Exercise aim. Each line of data below is to be returned exactly, leaving out any picture.

Stored data entries.
##############################
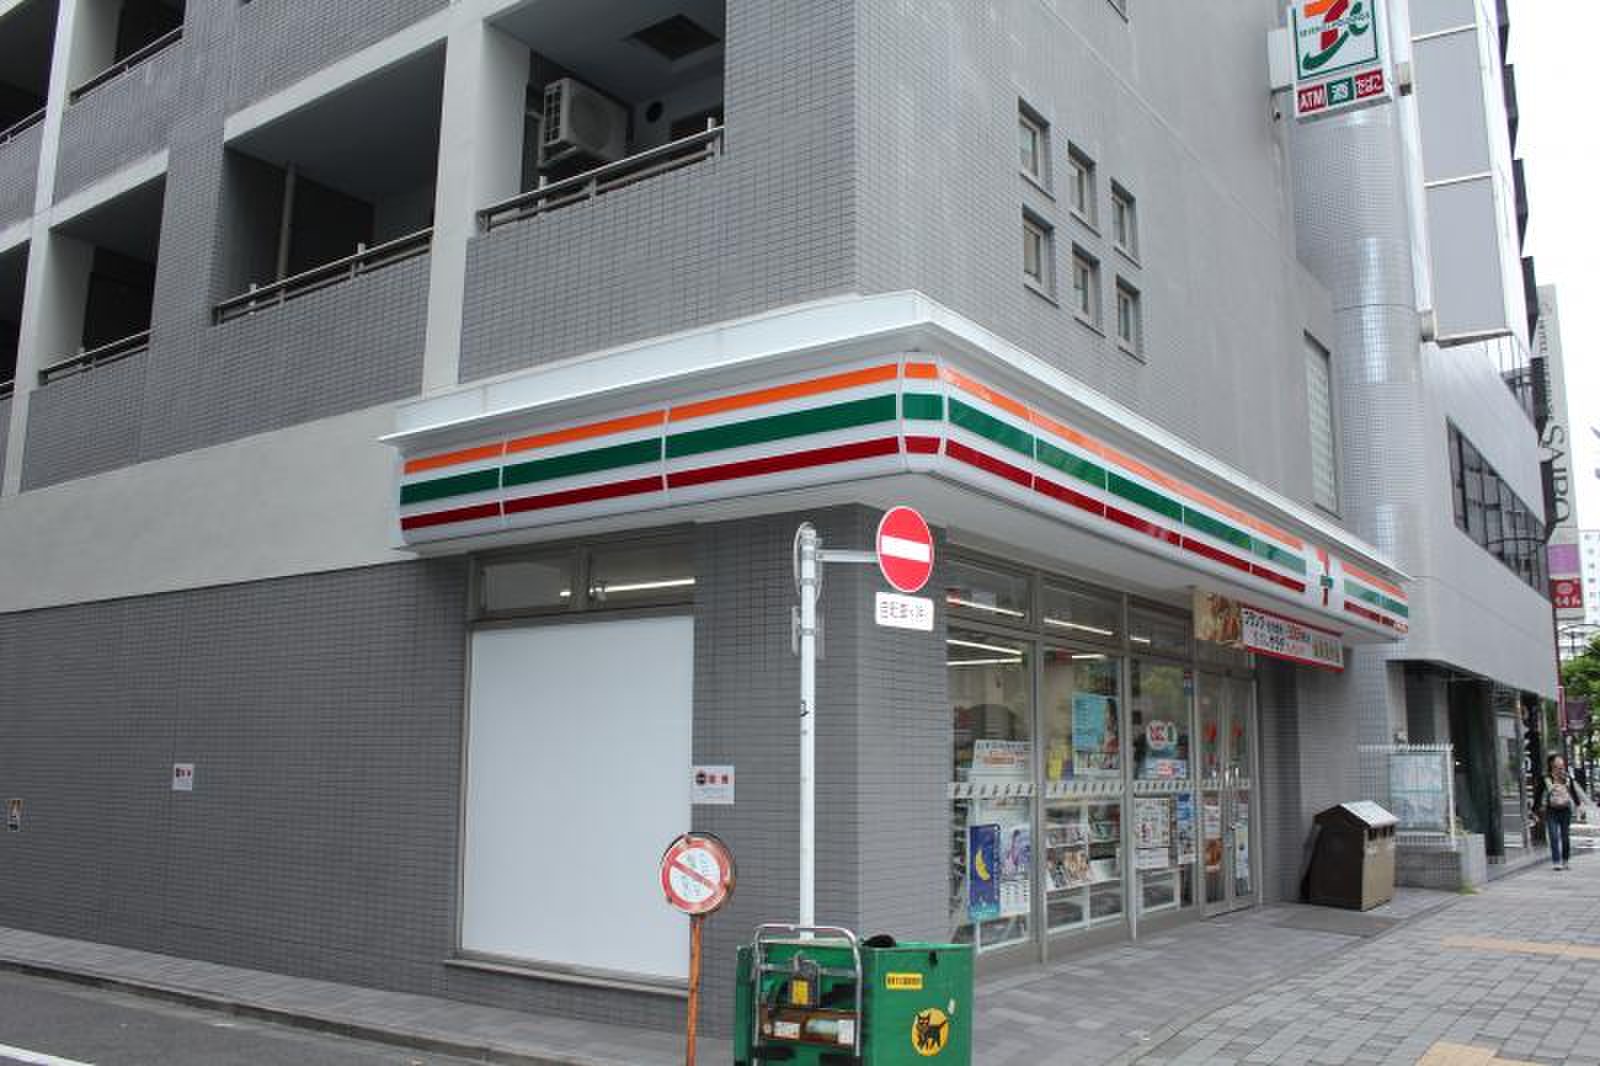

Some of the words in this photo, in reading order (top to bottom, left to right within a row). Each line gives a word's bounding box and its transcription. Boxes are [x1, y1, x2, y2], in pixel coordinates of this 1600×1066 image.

[1300, 88, 1324, 109] ATM
[1355, 74, 1382, 95] たばこ
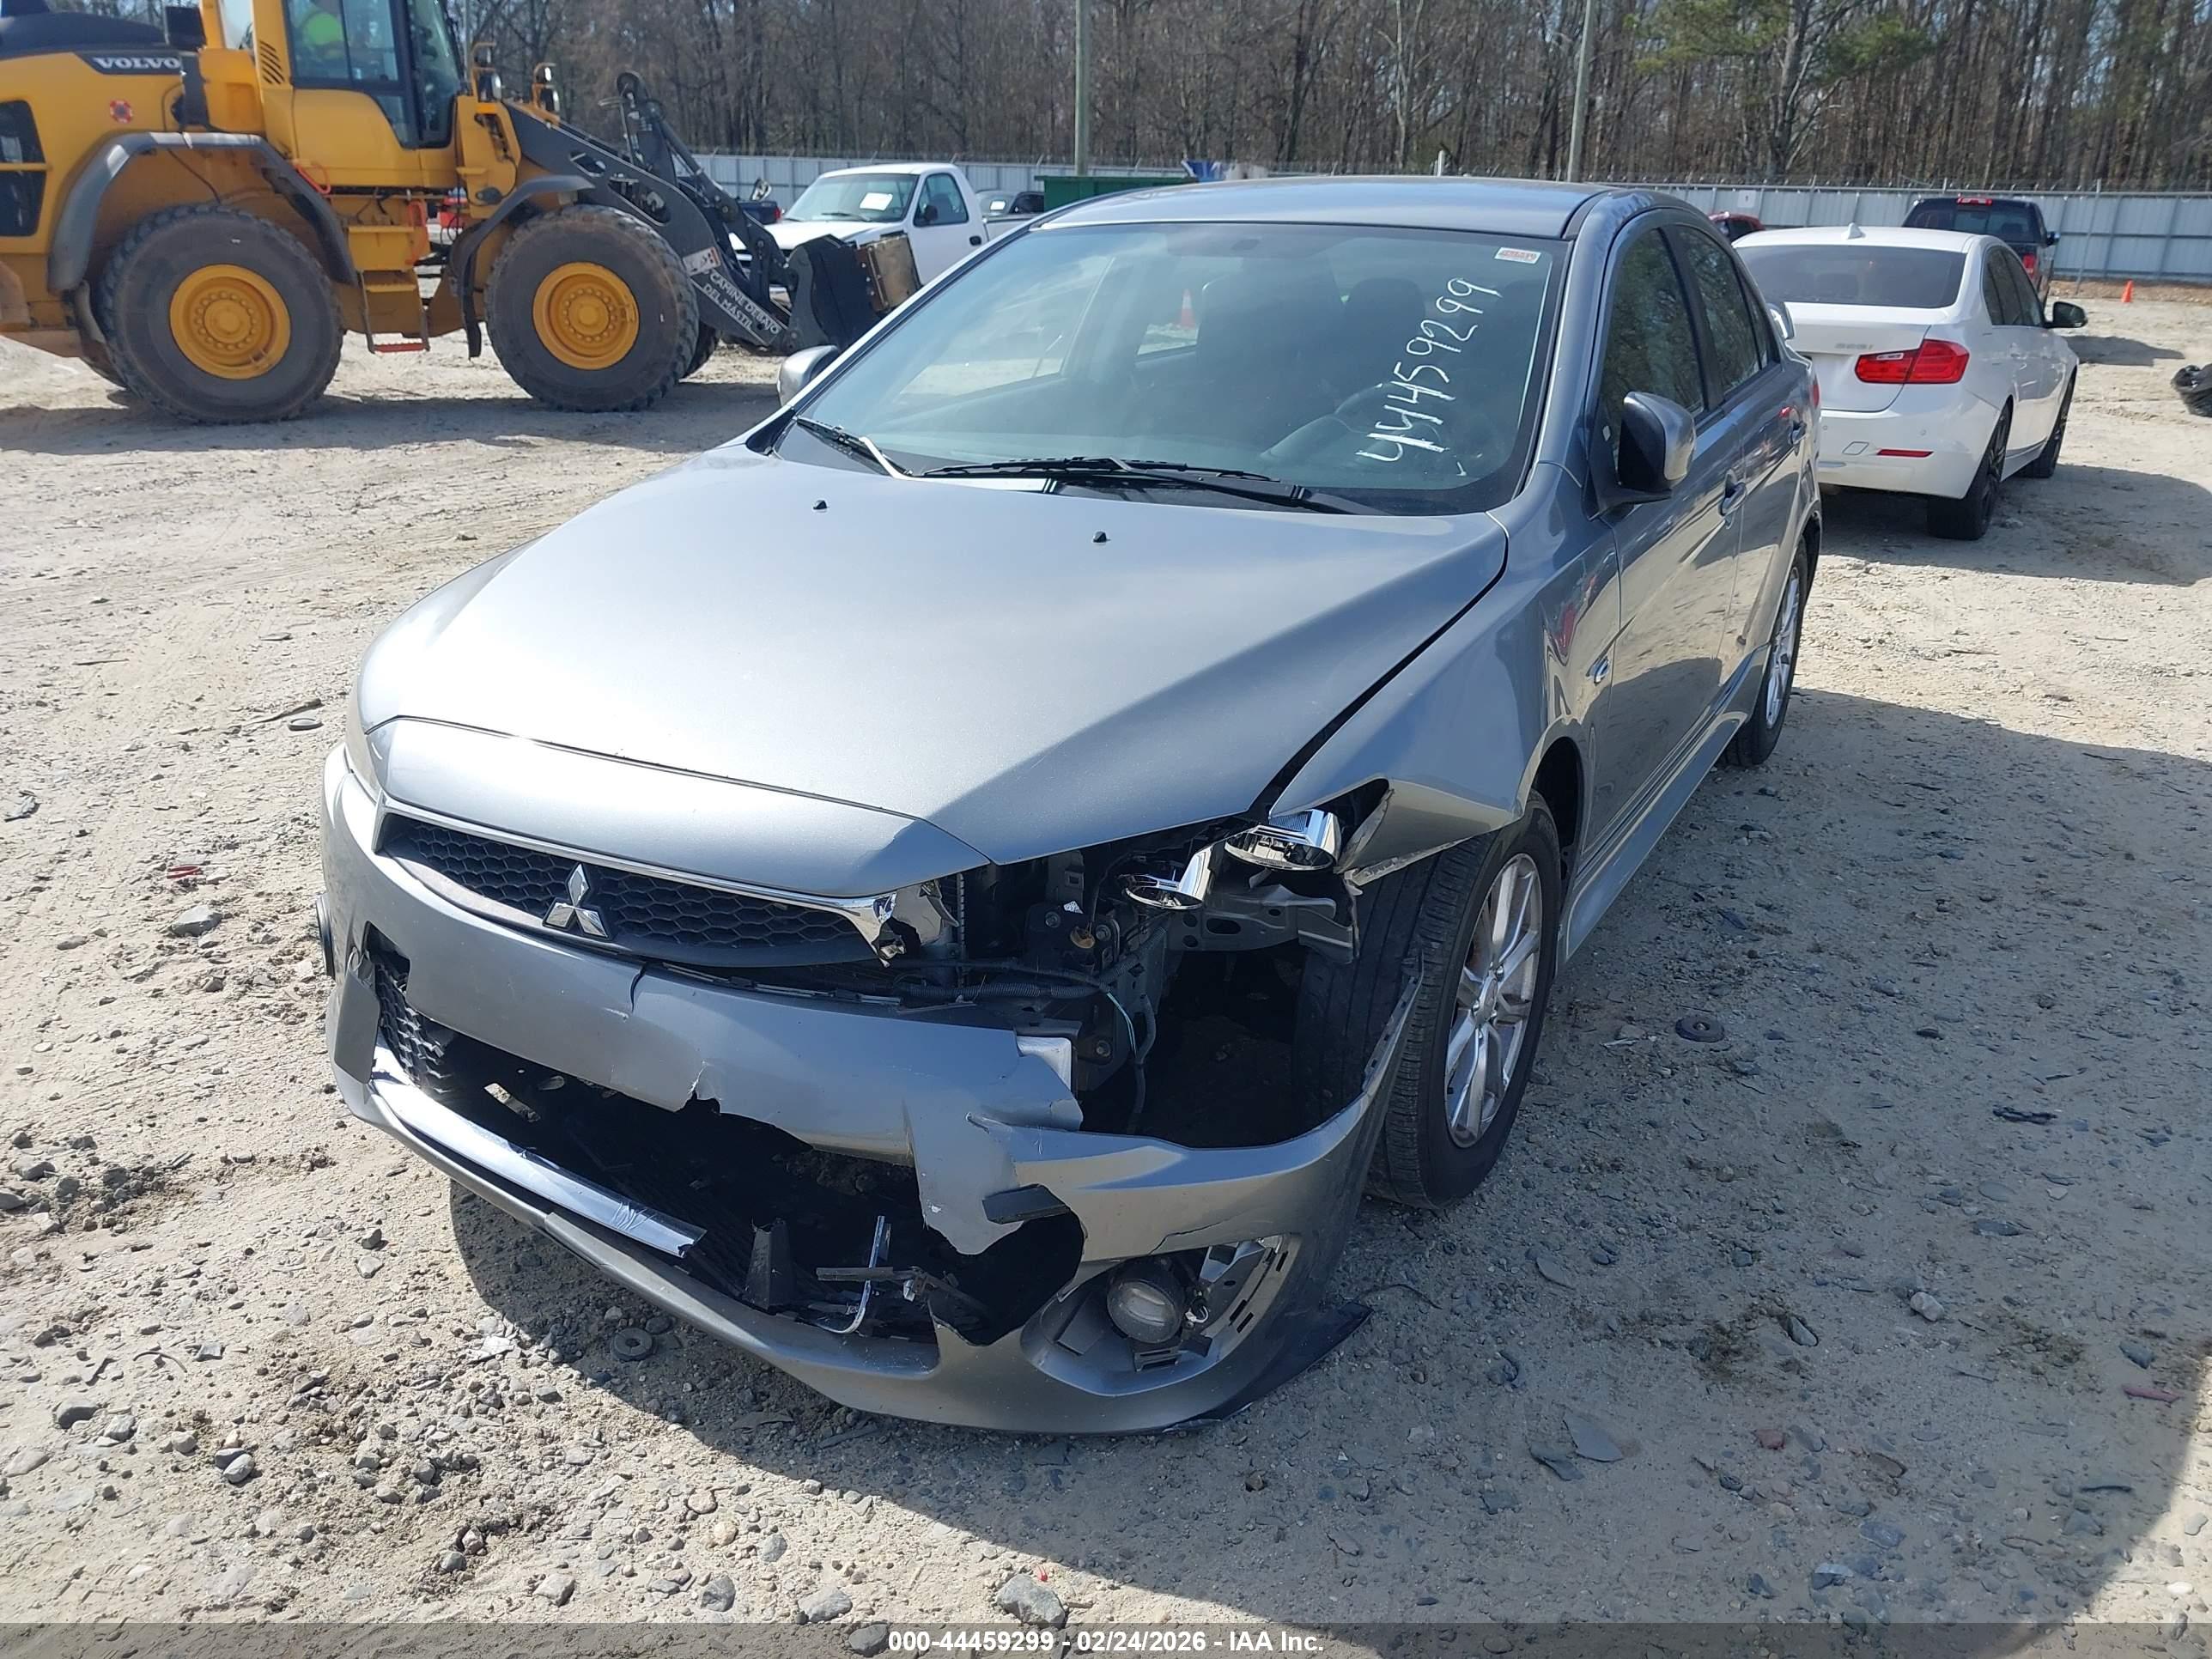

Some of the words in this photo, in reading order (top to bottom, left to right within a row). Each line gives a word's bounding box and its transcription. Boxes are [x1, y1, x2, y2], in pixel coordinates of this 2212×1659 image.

[92, 57, 181, 69] VOLVO
[703, 283, 721, 304] DEL
[710, 271, 747, 308] CAMINE
[744, 301, 781, 335] DEBAJO
[1355, 277, 1503, 462] 44459299
##############################
Output below.
Some of the words in this photo, in reading order (top to bottom, left to right within a row). Each line gives a word's bounding box and its transcription. Boxes are [x1, y1, x2, y2], in pixel coordinates of this 1600×1066 image.

[1300, 88, 1324, 109] ATM
[1355, 74, 1382, 95] たばこ

Some of the words in this photo, in reading order (top to bottom, left to right within a row). Each line gives a word's bounding box and its transcription. Boxes are [x1, y1, x2, y2], in pixel coordinates of this 2212×1659 image.

[92, 57, 181, 69] VOLVO
[703, 283, 721, 304] DEL
[710, 271, 747, 308] CAMINE
[744, 301, 781, 335] DEBAJO
[1355, 277, 1503, 462] 44459299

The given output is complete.